- _Dataset excerpts_:

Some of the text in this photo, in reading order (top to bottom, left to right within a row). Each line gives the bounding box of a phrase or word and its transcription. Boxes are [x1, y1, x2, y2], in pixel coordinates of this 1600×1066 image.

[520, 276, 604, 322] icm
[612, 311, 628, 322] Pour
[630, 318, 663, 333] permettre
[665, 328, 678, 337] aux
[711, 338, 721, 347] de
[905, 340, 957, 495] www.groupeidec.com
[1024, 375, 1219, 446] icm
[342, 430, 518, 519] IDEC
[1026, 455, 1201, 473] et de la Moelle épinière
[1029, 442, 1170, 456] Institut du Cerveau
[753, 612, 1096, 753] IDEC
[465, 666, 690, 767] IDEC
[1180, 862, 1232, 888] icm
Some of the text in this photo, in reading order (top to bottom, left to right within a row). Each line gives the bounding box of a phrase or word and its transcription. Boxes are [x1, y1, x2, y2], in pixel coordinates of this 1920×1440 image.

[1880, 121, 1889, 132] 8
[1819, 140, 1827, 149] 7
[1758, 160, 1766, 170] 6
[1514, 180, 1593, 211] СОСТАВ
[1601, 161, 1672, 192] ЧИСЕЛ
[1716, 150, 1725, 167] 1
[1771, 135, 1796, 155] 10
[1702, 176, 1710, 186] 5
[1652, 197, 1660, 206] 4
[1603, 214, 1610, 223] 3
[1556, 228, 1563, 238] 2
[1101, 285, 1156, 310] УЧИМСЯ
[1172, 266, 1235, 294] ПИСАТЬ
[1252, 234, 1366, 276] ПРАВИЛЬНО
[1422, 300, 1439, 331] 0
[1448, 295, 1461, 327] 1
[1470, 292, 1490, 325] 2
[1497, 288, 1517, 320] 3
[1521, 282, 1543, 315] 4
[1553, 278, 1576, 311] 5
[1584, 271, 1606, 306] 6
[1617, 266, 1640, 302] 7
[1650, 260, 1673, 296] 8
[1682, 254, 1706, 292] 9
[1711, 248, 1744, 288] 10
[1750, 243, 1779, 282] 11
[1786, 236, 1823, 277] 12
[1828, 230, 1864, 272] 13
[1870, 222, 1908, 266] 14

- _Exercise brief_:
Please output each record exactly as it appears above.

- _Solution to the problem_:
Some of the text in this photo, in reading order (top to bottom, left to right within a row). Each line gives the bounding box of a phrase or word and its transcription. Boxes are [x1, y1, x2, y2], in pixel coordinates of this 1600×1066 image.

[520, 276, 604, 322] icm
[612, 311, 628, 322] Pour
[630, 318, 663, 333] permettre
[665, 328, 678, 337] aux
[711, 338, 721, 347] de
[905, 340, 957, 495] www.groupeidec.com
[1024, 375, 1219, 446] icm
[342, 430, 518, 519] IDEC
[1026, 455, 1201, 473] et de la Moelle épinière
[1029, 442, 1170, 456] Institut du Cerveau
[753, 612, 1096, 753] IDEC
[465, 666, 690, 767] IDEC
[1180, 862, 1232, 888] icm
Some of the text in this photo, in reading order (top to bottom, left to right within a row). Each line gives the bounding box of a phrase or word and its transcription. Boxes are [x1, y1, x2, y2], in pixel coordinates of this 1920×1440 image.

[1880, 121, 1889, 132] 8
[1819, 140, 1827, 149] 7
[1758, 160, 1766, 170] 6
[1514, 180, 1593, 211] СОСТАВ
[1601, 161, 1672, 192] ЧИСЕЛ
[1716, 150, 1725, 167] 1
[1771, 135, 1796, 155] 10
[1702, 176, 1710, 186] 5
[1652, 197, 1660, 206] 4
[1603, 214, 1610, 223] 3
[1556, 228, 1563, 238] 2
[1101, 285, 1156, 310] УЧИМСЯ
[1172, 266, 1235, 294] ПИСАТЬ
[1252, 234, 1366, 276] ПРАВИЛЬНО
[1422, 300, 1439, 331] 0
[1448, 295, 1461, 327] 1
[1470, 292, 1490, 325] 2
[1497, 288, 1517, 320] 3
[1521, 282, 1543, 315] 4
[1553, 278, 1576, 311] 5
[1584, 271, 1606, 306] 6
[1617, 266, 1640, 302] 7
[1650, 260, 1673, 296] 8
[1682, 254, 1706, 292] 9
[1711, 248, 1744, 288] 10
[1750, 243, 1779, 282] 11
[1786, 236, 1823, 277] 12
[1828, 230, 1864, 272] 13
[1870, 222, 1908, 266] 14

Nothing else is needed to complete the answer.